Gokdemir et al. [24] assessed spirometry measurements (FEV1, FVC, peak expiratory flow and FEF25–75) in children with PCD using two different airway clearance methods. Half performed conventional pulmonary rehabilitation for 5 days in hospital followed by a 2-day washout period and then high-frequency chest-wall oscillation for another 5 days at home. However, techniques differed between the settings. Another crossover RCT investigated differences in FEV1 % predicted and in bronchial hyperresponsiveness after the use of salbutamol compared to placebo in children with PCD at both 3 and 6 weeks compared to pre-treatment measurements [27].
Noone et al. [106] reported on mean whole-lung clearance rates of a radionucleotide marker after inhalation of uridine-5′-triphosphate compared to placebo during a series of controlled coughs to induce mucociliary clearance in PCD adolescents and adults.
Discussion
This scoping review identified 23 clinical outcome measures used in PCD research. We found a high degree of heterogeneity in the definitions of outcome measures.
Spirometry and chest HRCT were most frequently reported as study outcomes. Spirometry is widely available, relatively easy to perform and does not require expensive equipment [122, 123]; however, researchers have questioned its appropriateness as a measure to monitor disease progression in PCD [35, 49, 57]. A meta-analysis found that mean FEV1 ranged from 51% predicted to 96% predicted, with high heterogeneity between studies that could not be explained by age or other factors [131]. Studies that did not report on which reference values they used or those that did not provide information on quality control reported lower mean FEV1 values. Clinical status at the time of measurement was rarely reported and therefore could not be included in the meta-regression. The largest study to date investigating lung disease in PCD patients found consistently low FEV1 z-scores in patients with PCD compared to reference data, similar to those seen in CF patients [25].

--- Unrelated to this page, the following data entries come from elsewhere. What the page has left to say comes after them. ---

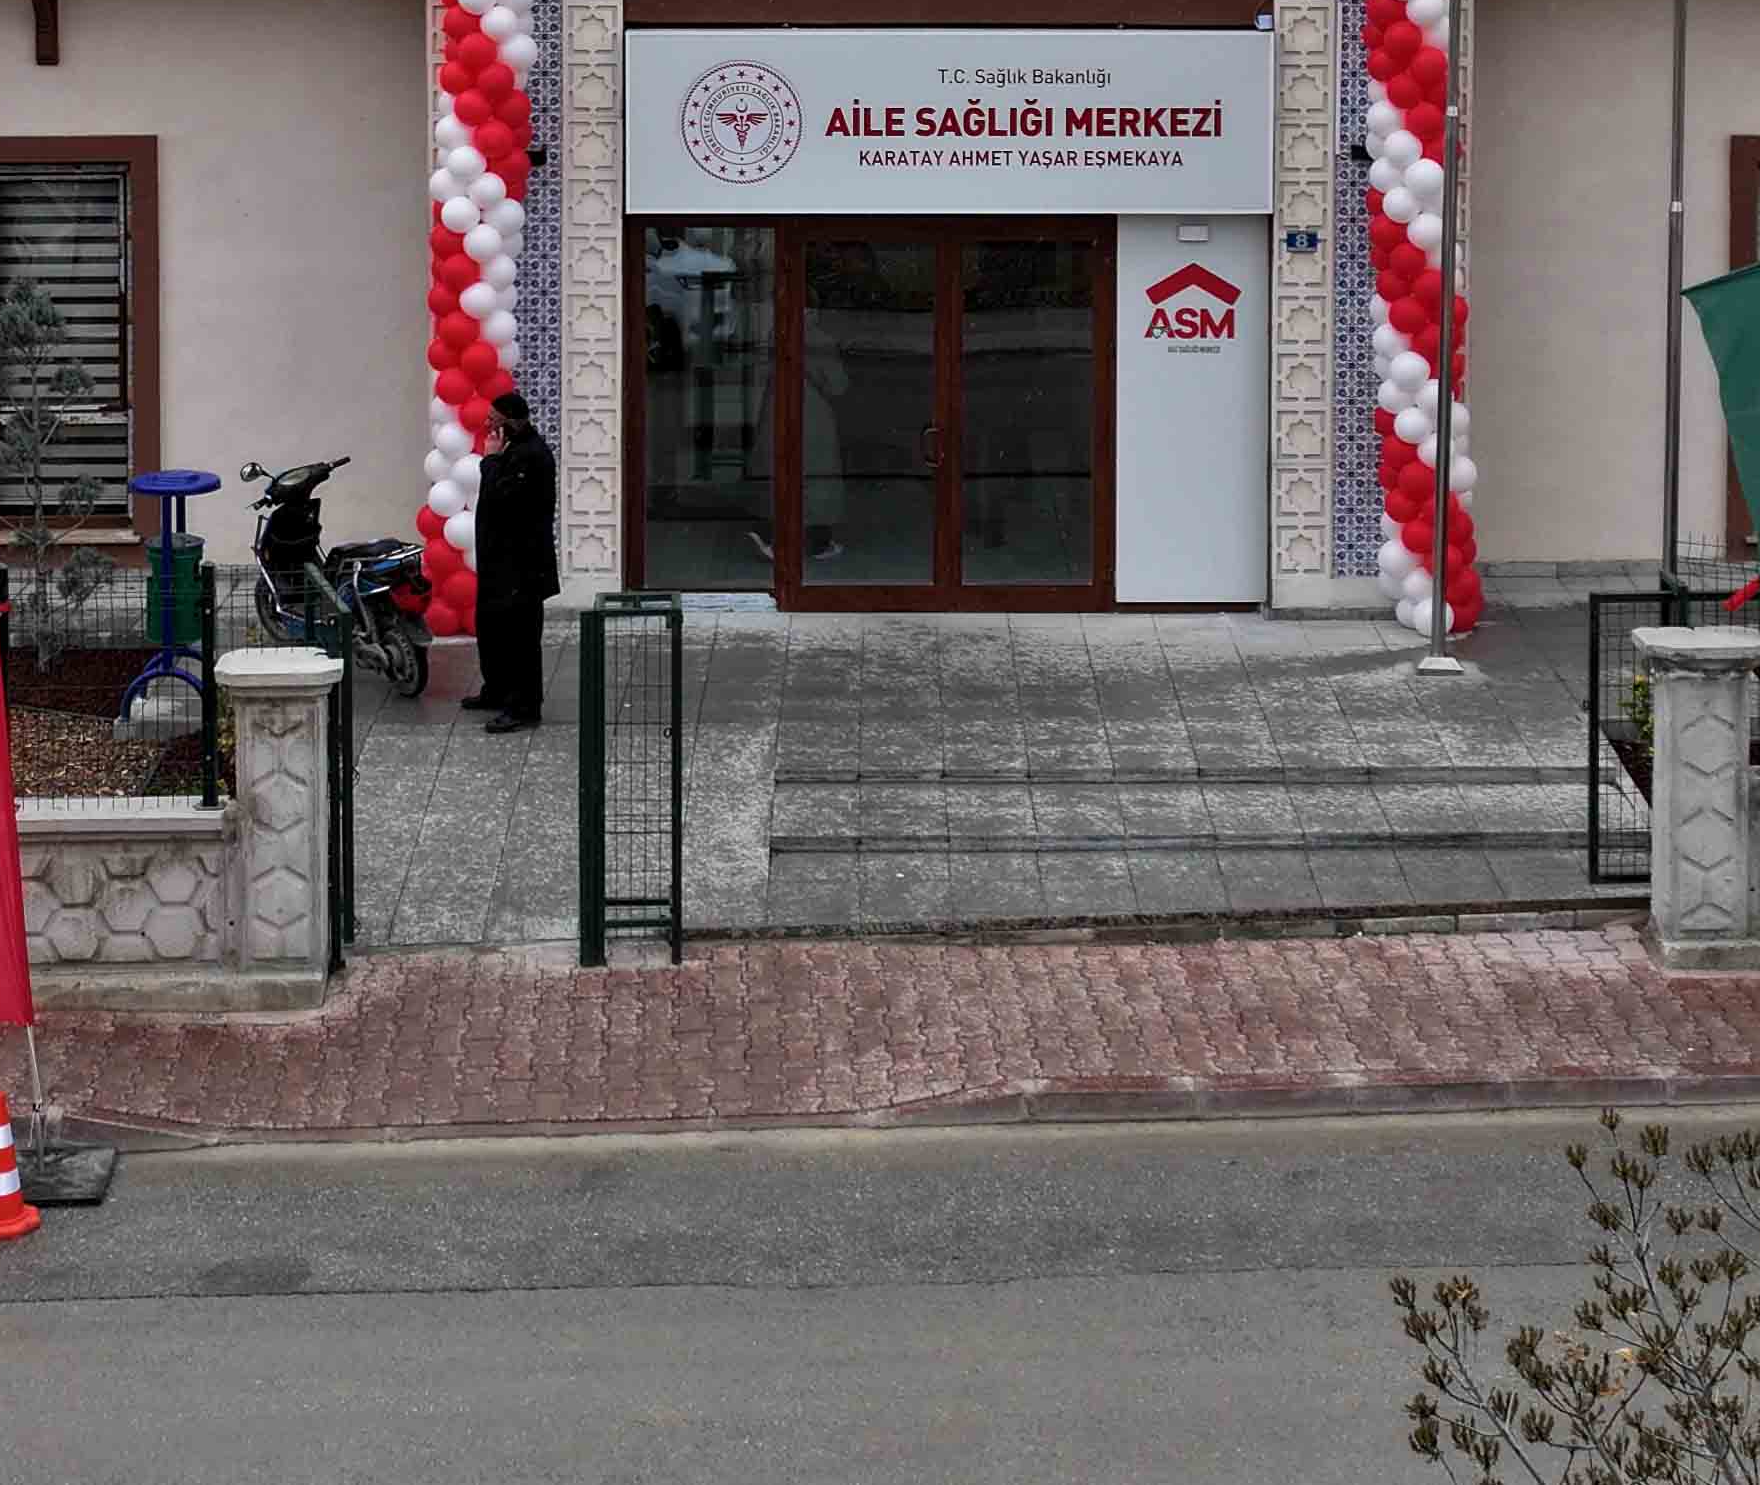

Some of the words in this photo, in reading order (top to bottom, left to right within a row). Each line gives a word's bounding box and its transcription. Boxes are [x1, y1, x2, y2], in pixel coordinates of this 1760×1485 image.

[938, 69, 969, 84] T.C.
[975, 68, 1027, 88] Sağlık
[1032, 68, 1111, 88] Bakanlığı
[824, 99, 906, 136] AİLE
[915, 99, 1053, 137] SAĞLIĞI
[1065, 99, 1222, 137] MERKEZİ
[859, 150, 944, 166] KARATAY
[948, 150, 1013, 166] AHMET
[1018, 150, 1078, 169] YAŞAR
[1084, 150, 1184, 169] EŞMEKAYA
[1295, 233, 1308, 248] 8
[1144, 308, 1235, 339] ASM

To our knowledge, no study has investigated the timing of physiotherapy in relation to spirometry, which is a significant limitation as, anecdotally, airway clearance techniques can improve spirometric indices. An ongoing multicentre prospective cohort is investigating variability of lung function in stable PCD patients, adjusting for factors such as timing of inhaled medication and respiratory physiotherapy [132, 133] (https://clinicaltrials.gov/ct2/show/NCT03704896). Another potential source of variability when using spirometry-derived measurements are the adopted reference equations, as variations between the GLI and national reference equations can occur. Evidence from a longitudinal CF cohort highlighted the disparity between reference equations, demonstrating the need for a standardised approach to interpreting spirometric measurements to facilitate appropriate comparisons both within and between centres and countries [134].

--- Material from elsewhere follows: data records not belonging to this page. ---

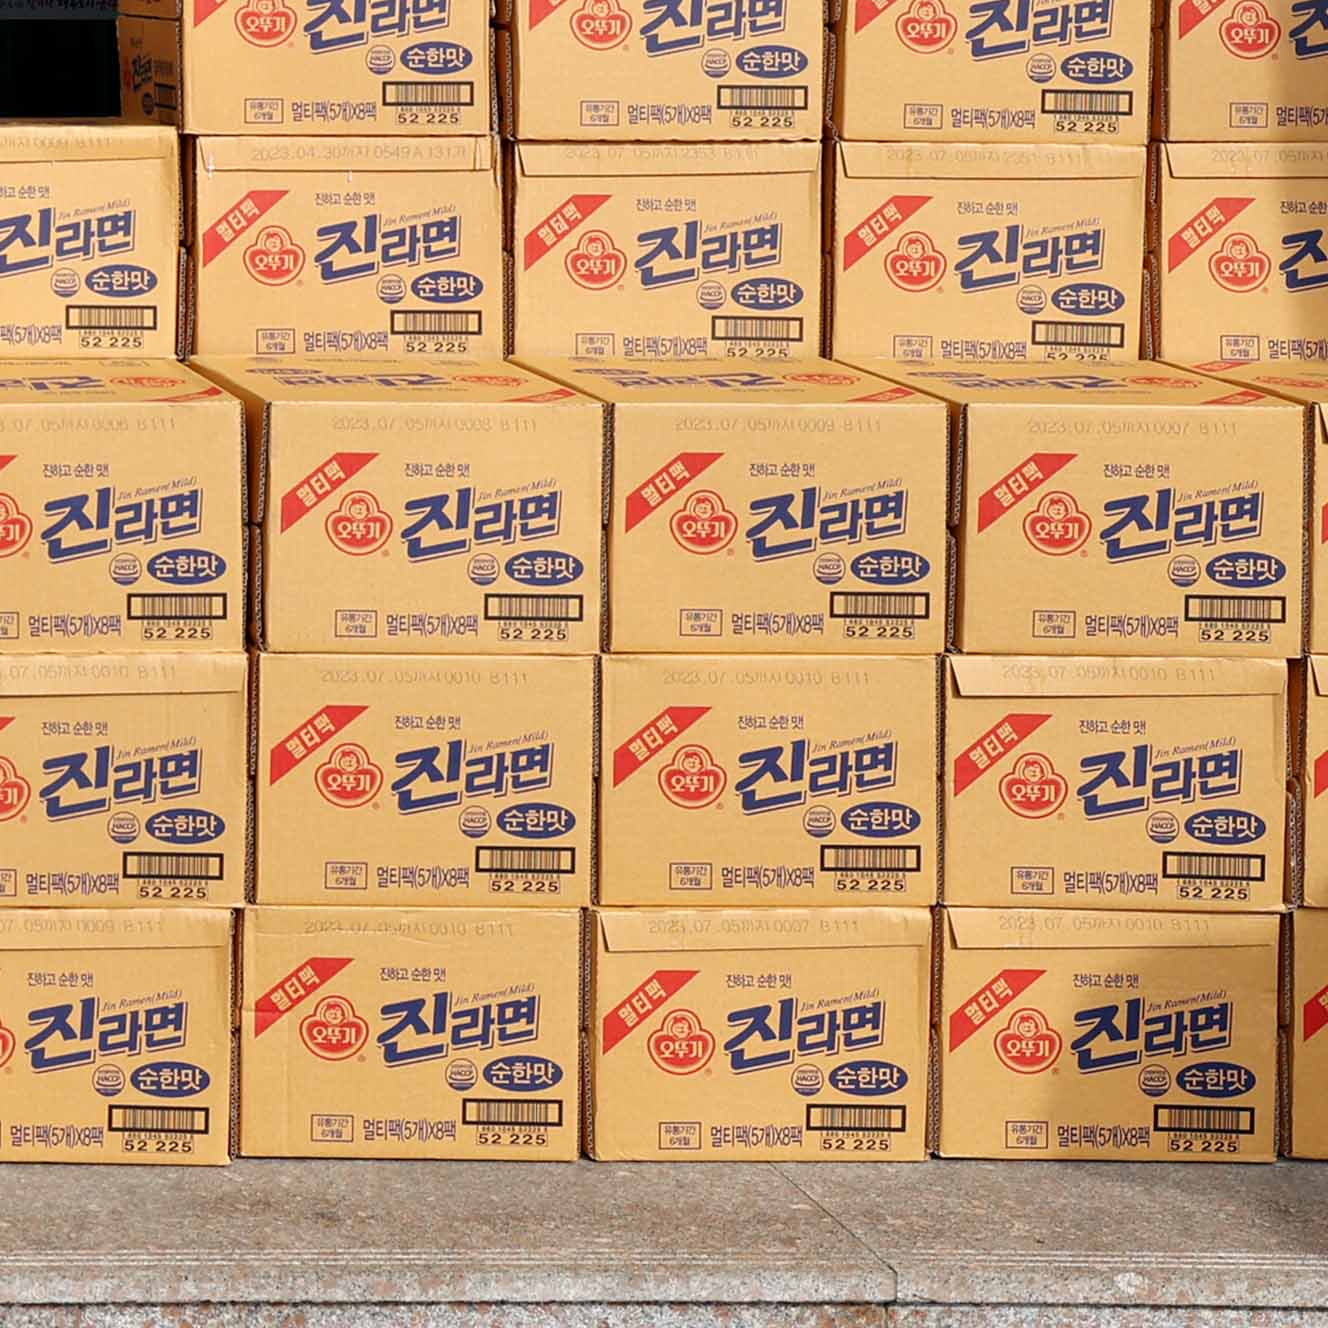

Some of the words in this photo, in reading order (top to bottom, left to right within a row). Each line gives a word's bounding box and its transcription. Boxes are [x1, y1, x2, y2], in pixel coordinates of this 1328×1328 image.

[1068, 58, 1126, 77] 순한맛
[417, 277, 474, 296] 순한맛
[635, 220, 782, 291] 진라면
[954, 225, 1104, 295] 진라면
[41, 485, 203, 564] 진라면
[337, 520, 380, 539] 오뚜기
[746, 485, 908, 563] 진라면
[1100, 486, 1264, 566] 진라면
[40, 745, 202, 822] 진라면
[327, 772, 370, 792] 오뚜기
[735, 739, 898, 815] 진라면
[1077, 744, 1242, 823] 진라면
[837, 880, 858, 890] 52
[868, 880, 904, 890] 225
[24, 997, 188, 1075] 진라면
[660, 1033, 703, 1052] 오뚜기
[1071, 998, 1233, 1076] 진라면
[491, 1063, 554, 1083] 순한맛

Chest HRCT has been proposed as a surrogate outcome measure in the assessment of lung disease. However, there are no validated scoring systems for PCD. All studies included in this review used CF-derived scoring systems [125–127], despite significant pathophysiological differences between the two conditions [9, 135]. Additionally, studies do not report the lung volumes at which the CT scans are obtained, with no details on the standard operating procedures used to record the images.

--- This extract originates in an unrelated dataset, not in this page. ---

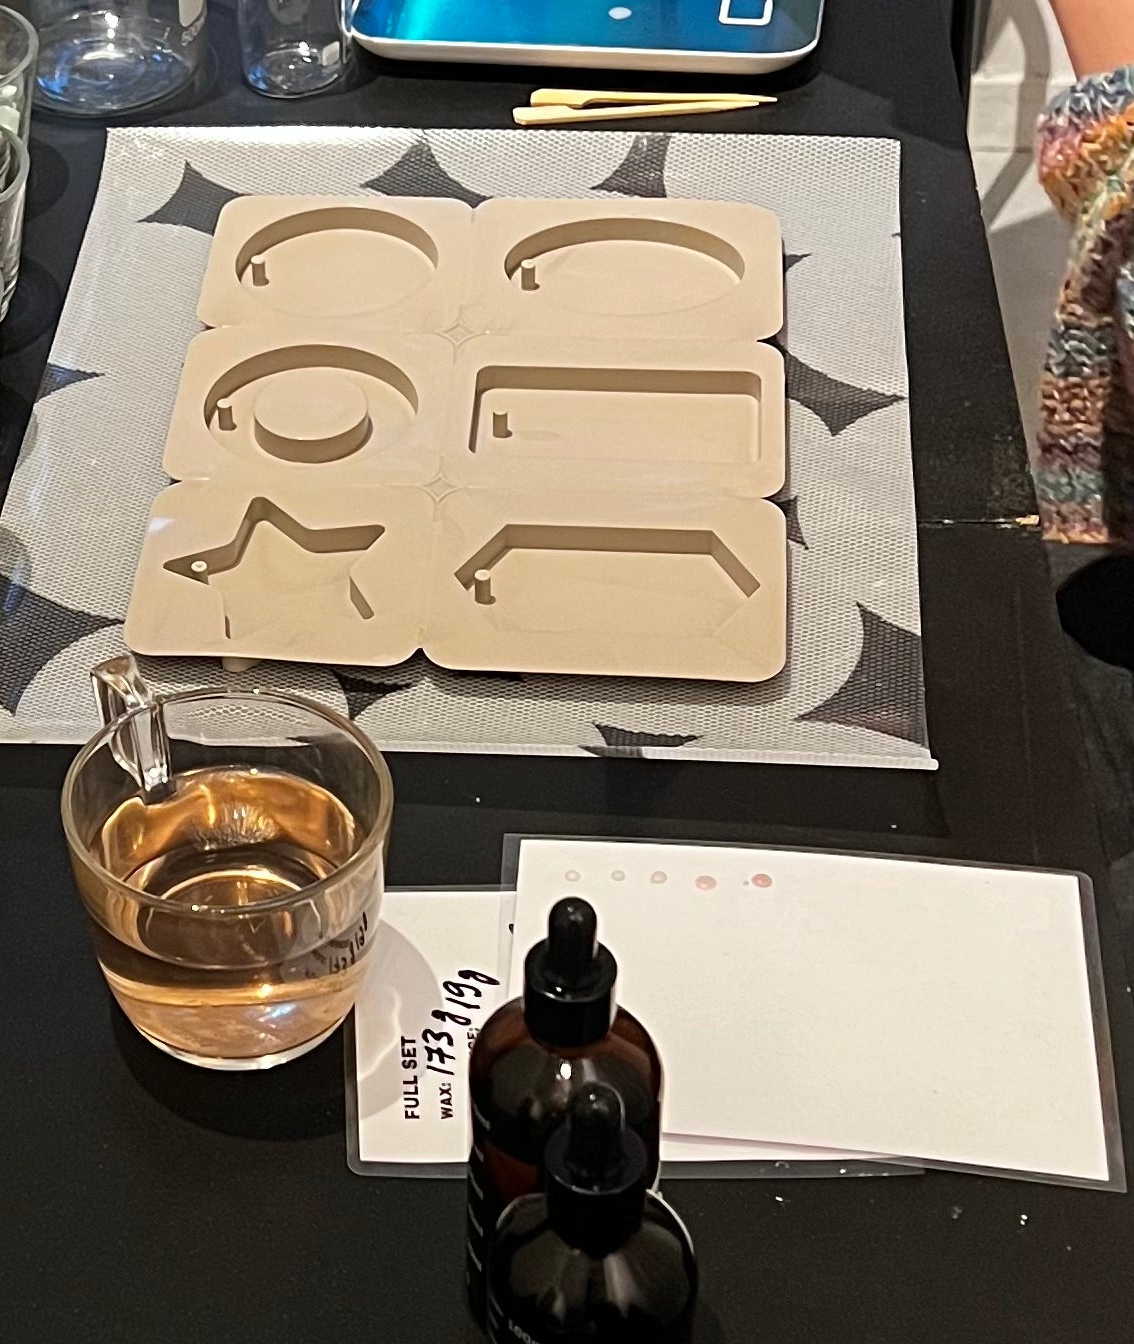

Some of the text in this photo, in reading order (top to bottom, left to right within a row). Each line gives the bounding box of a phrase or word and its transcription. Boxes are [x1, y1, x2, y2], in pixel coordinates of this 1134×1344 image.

[400, 1035, 420, 1120] FULL SET
[438, 1082, 454, 1120] WAX:

Location, distribution and frequency of features seen in HRCT scans of patients with PCD differ from those with CF [135]. The weights applied to each feature might not be suitable for PCD as CF-derived scoring systems do not reflect the range and severity of structural changes in PCD. Studies found that extensive tree-in-bud pattern of mucus plugging, bronchocoeles or nodules, thickening of interlobar and interlobular septa and atelectasis mostly seen as collapse of whole lobes were frequently described in PCD, but uncommon in CF [52, 63, 135]. Reporting only the global CT scores might be misleading, as some components of the score might be more relevant to clinical outcome, particularly when using a non-disease-specific score. These findings underscore the need for disease-specific CT scoring systems. Hoang-Thi et al. [53] highlighted the fact that visual scores such as the ones routinely used in the assessment of PCD and CF patients can be highly subjective. In response, they developed an automated CT scoring for adults with PCD, which had moderate to good correlation with FEV1 and FVC.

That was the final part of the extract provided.